The good fats are polyunsaturated fats, often found in plant-based foods like nuts, seeds and vegetable oils. These good fats can stave off type 2 diabetes. Steer clear from the bad fats, also known as trans fats. Fried foods, margarine, fast-food products and factory-baked goods often contain the dreaded trans fats. Food items containing “partially hydrogenated vegetable oil” in the ingredients list should be avoided!
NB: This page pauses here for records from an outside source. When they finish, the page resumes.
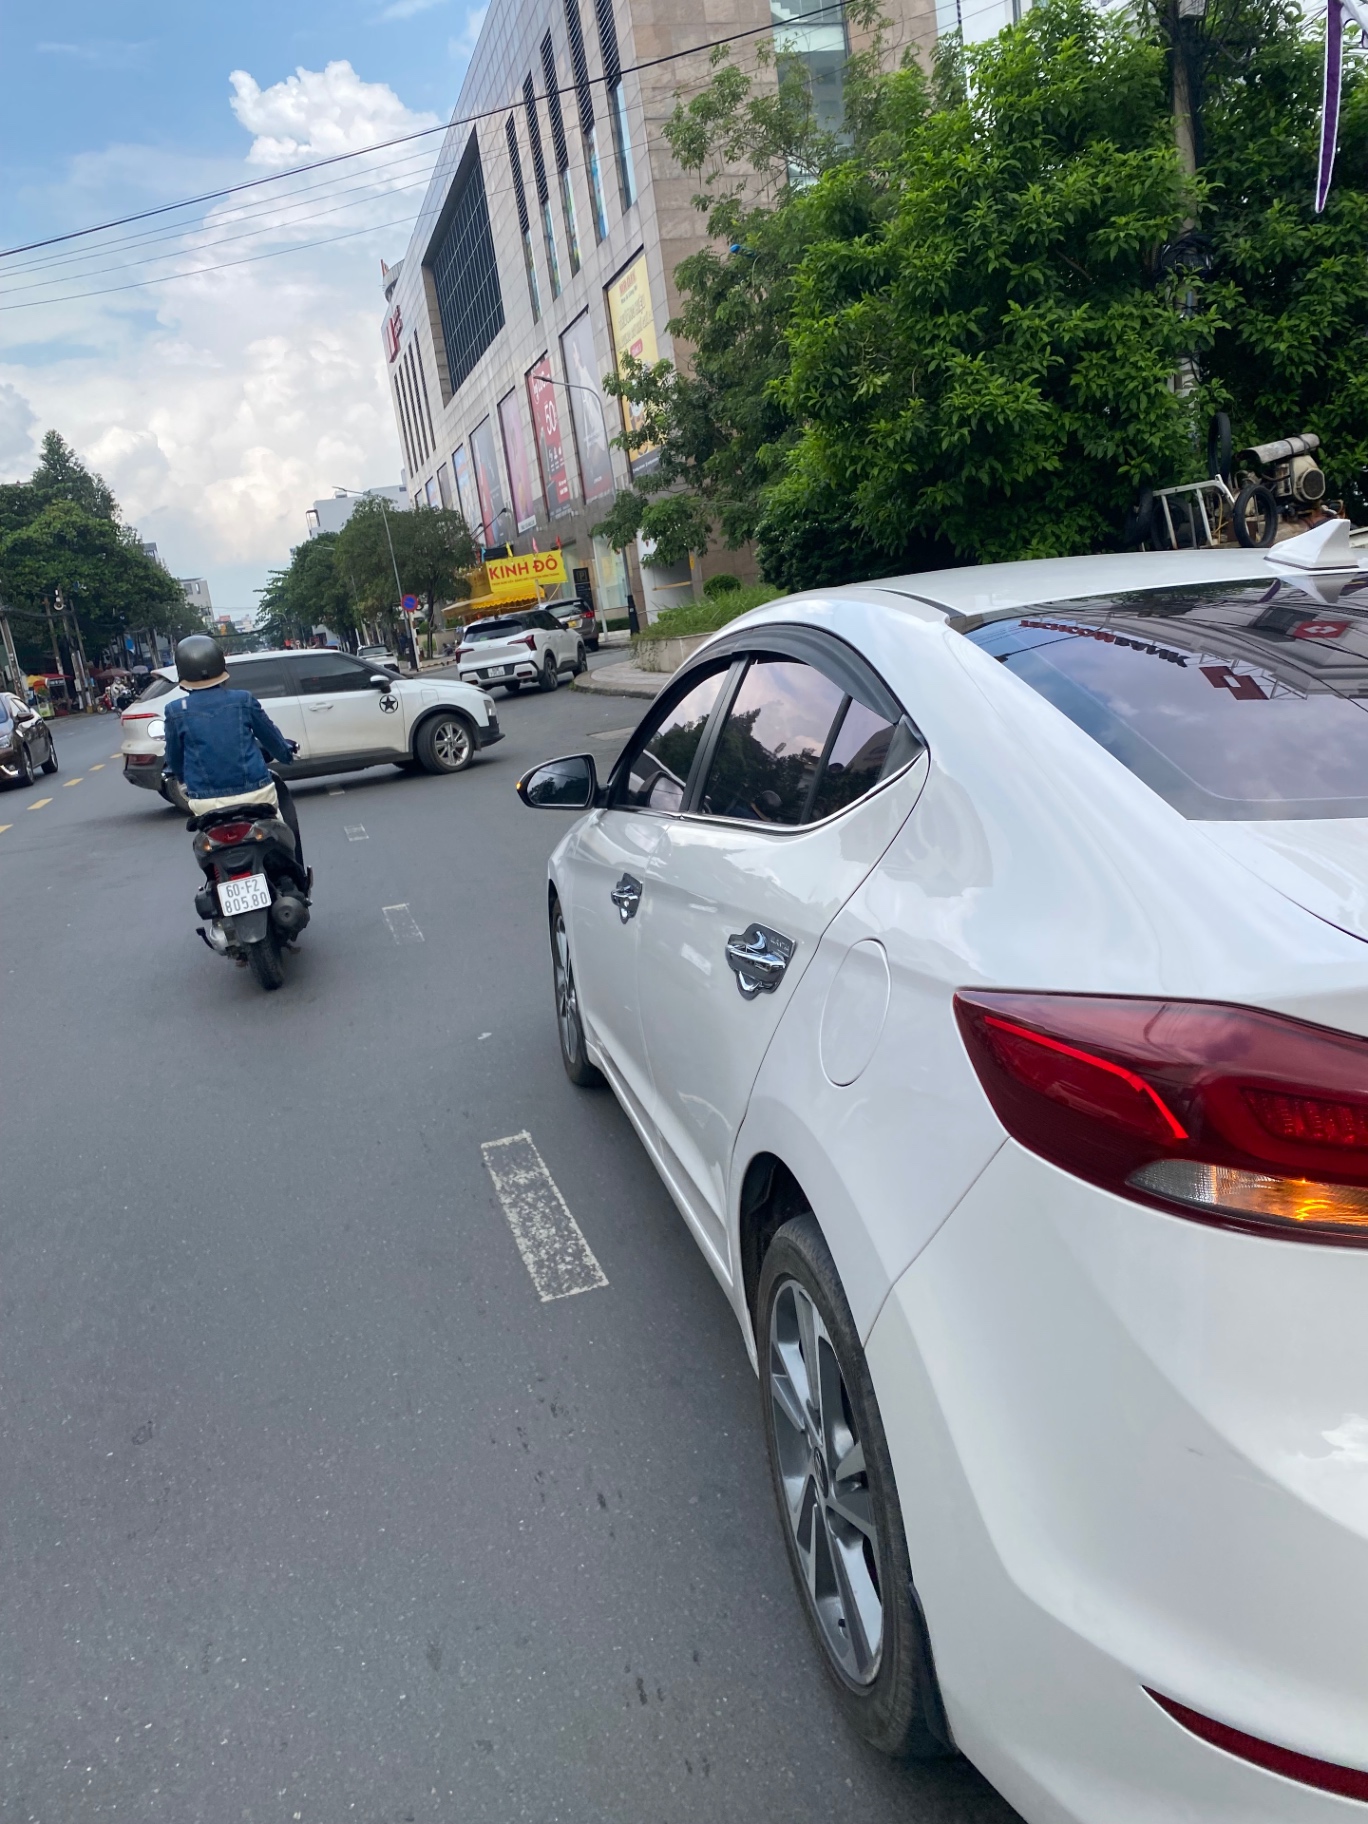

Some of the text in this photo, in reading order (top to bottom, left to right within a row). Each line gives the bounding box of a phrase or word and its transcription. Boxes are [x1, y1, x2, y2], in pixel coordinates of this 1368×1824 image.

[488, 561, 530, 580] KINH
[532, 554, 558, 573] ĐÔ
[225, 878, 260, 898] 60-F2
[224, 891, 268, 914] 805.80
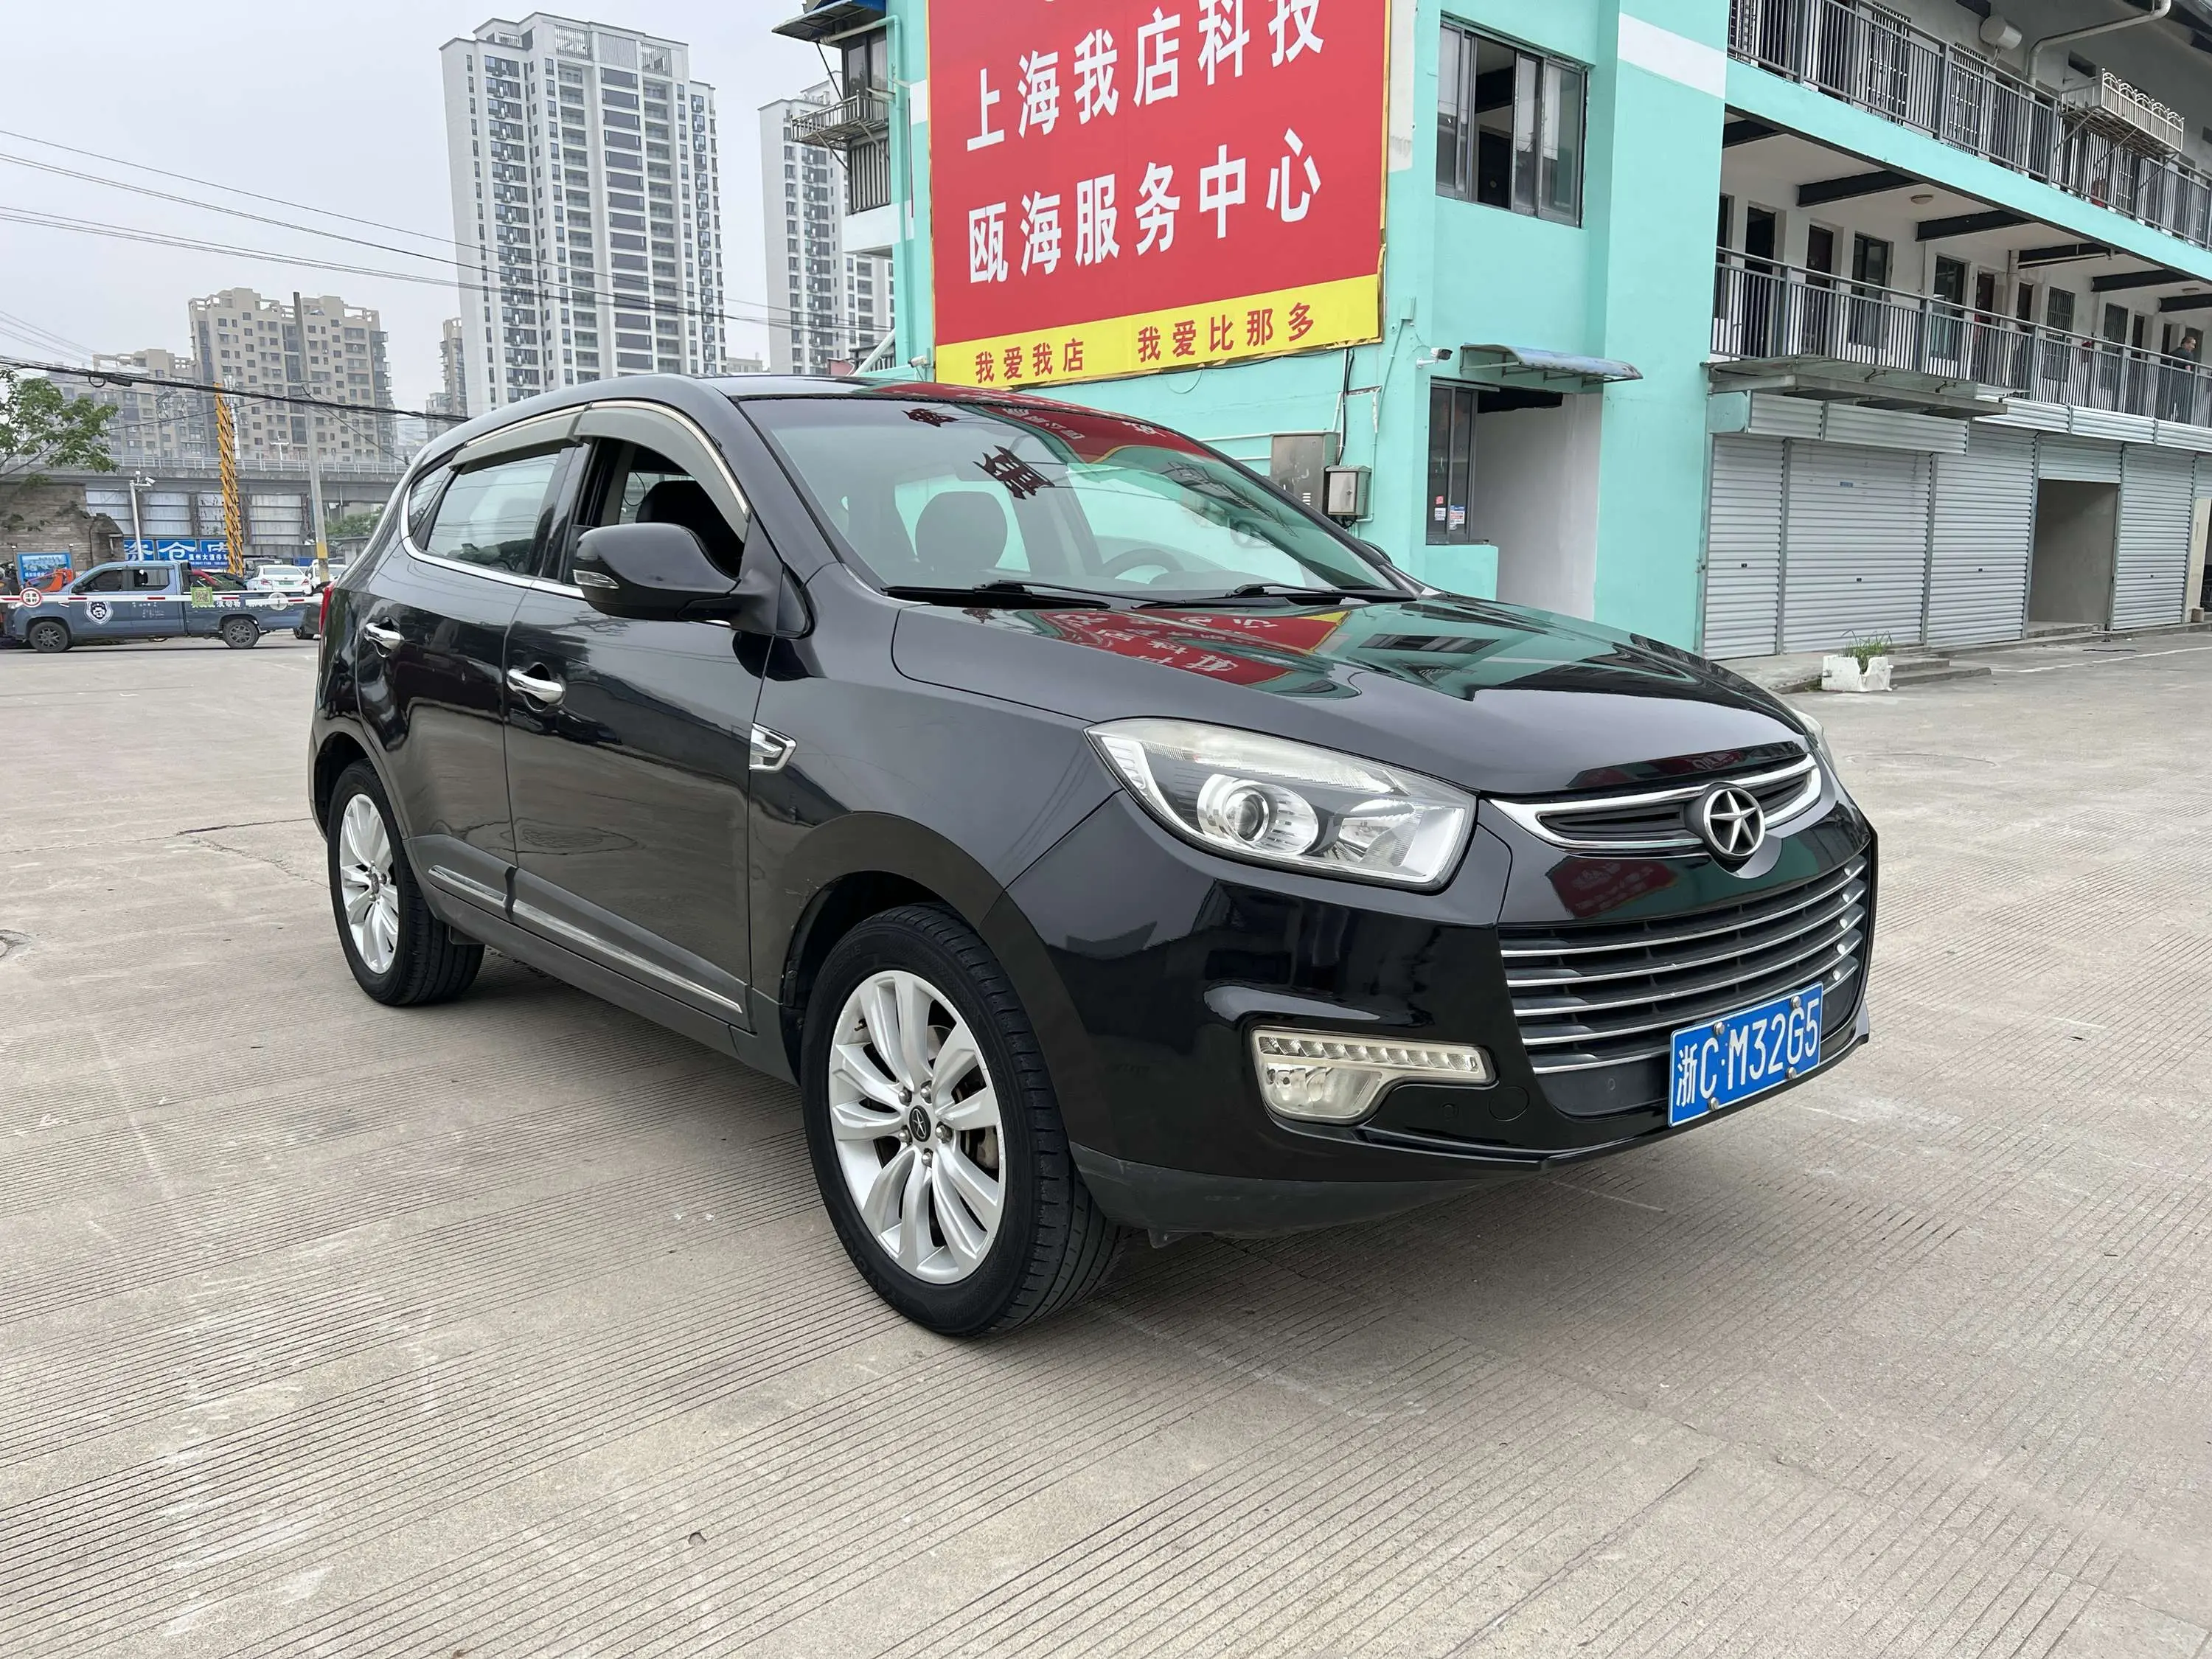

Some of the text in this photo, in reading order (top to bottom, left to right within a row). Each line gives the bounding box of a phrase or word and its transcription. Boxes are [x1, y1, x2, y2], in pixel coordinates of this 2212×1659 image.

[967, 0, 1324, 152] 上海我店科技
[968, 128, 1321, 285] 瓯海服务中心
[975, 302, 1315, 383] 我爱我店 我爱比那多
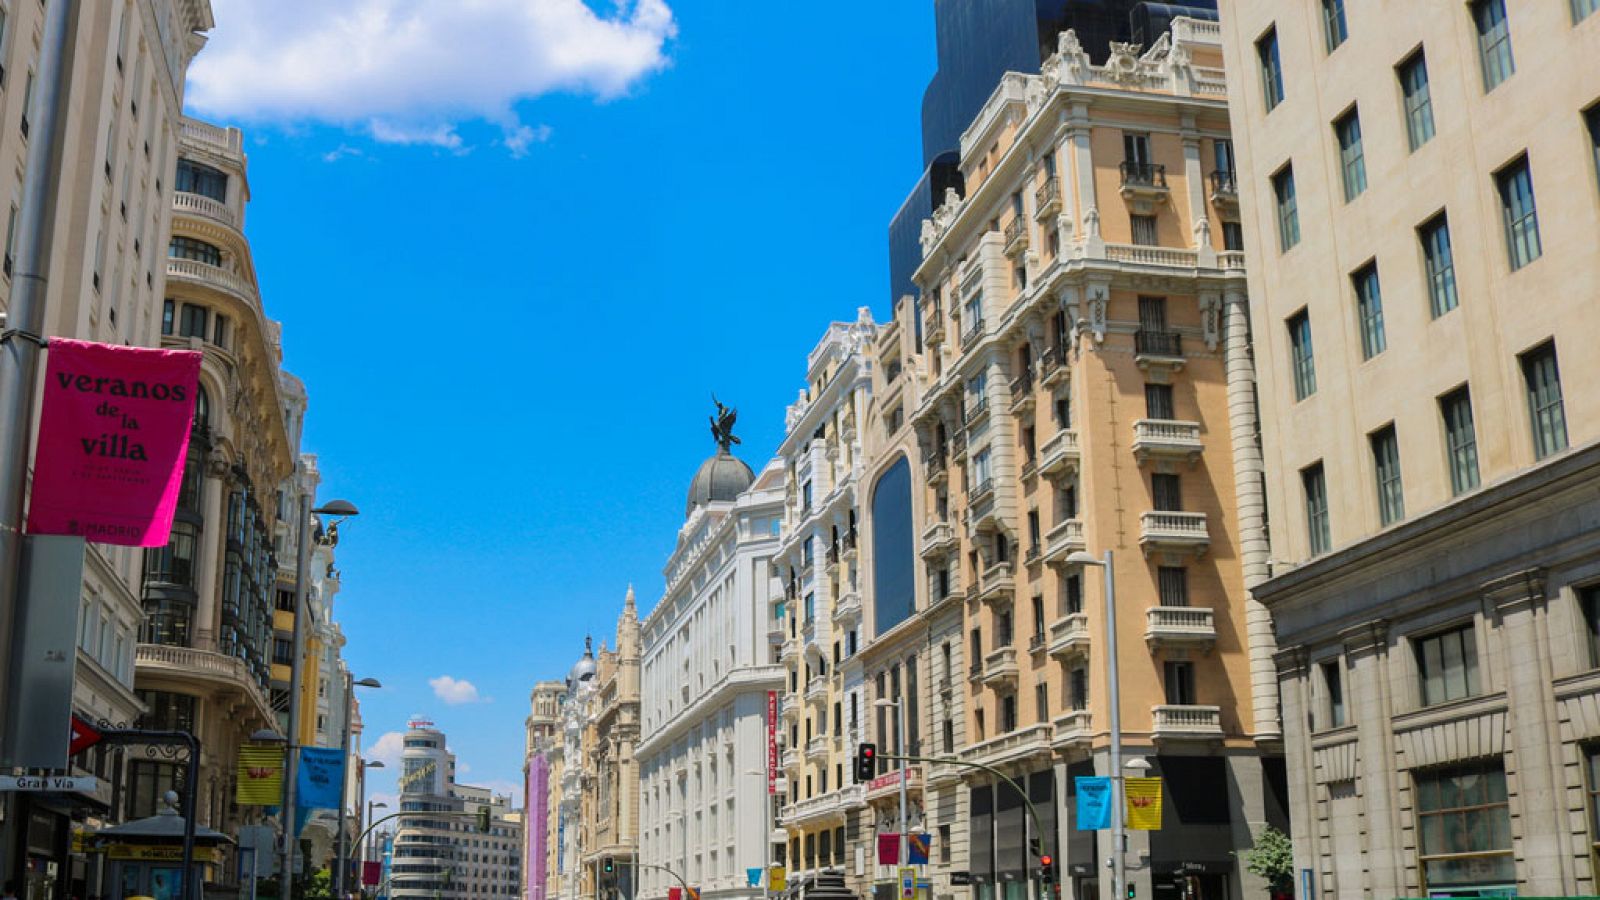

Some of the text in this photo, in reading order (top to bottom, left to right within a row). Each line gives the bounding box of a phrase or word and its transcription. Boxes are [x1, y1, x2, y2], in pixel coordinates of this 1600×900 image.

[57, 372, 187, 402] veranos
[96, 401, 140, 430] de la
[81, 432, 148, 462] villa
[16, 777, 48, 789] Gran
Stop on Red – Cut out the red meat!
According to Harvard Chan, reduce your risk for getting type 2 diabetes by 35 percent by eliminating red meat and processed meat from your diet. These unhealthy meats include beef, pork, lamb, bacon, hot dogs and deli meats—all found floating around at football games and possibly the shelves of your refrigerator. What’s the scoop? It appears the high levels of iron and sodium have a debilitating effect on the cells that produce insulin, increasing the risk for type 2 diabetes. What are the healthy alternatives? Replace red meats with nuts, poultry or fish instead.
Don’t Drink the Kool-Aid – Avoid sugary drinks!
Water is the best beverage to consume in lieu of high-calorie fruit drinks and juices. Weight gain is often a result of drinking too many artificially sweetened drinks, which leads to an increased risk of getting type 2 diabetes. Harvard Chan recommends substituting water, coffee or tea—without the added sugars and creams. The school even suggests coffee and teas may help in preventing diabetes, but more research is needed to shed light on the effects of these substitutes.
Reduce Processed Carbs – Swap them for whole grains
Harvard Chan found evidence that refined carbs actually increase the risk for the disease. There’s a science behind choosing whole grains over refined carbs: Refined carbs spike sugar levels, while whole grains allow for a “slower increase in blood sugar and insulin.”
You have a say in what foods go into your body. Choose health. Control diabetes and even reduce your risk for developing type 2 diabetes through a lifestyle of healthy eating!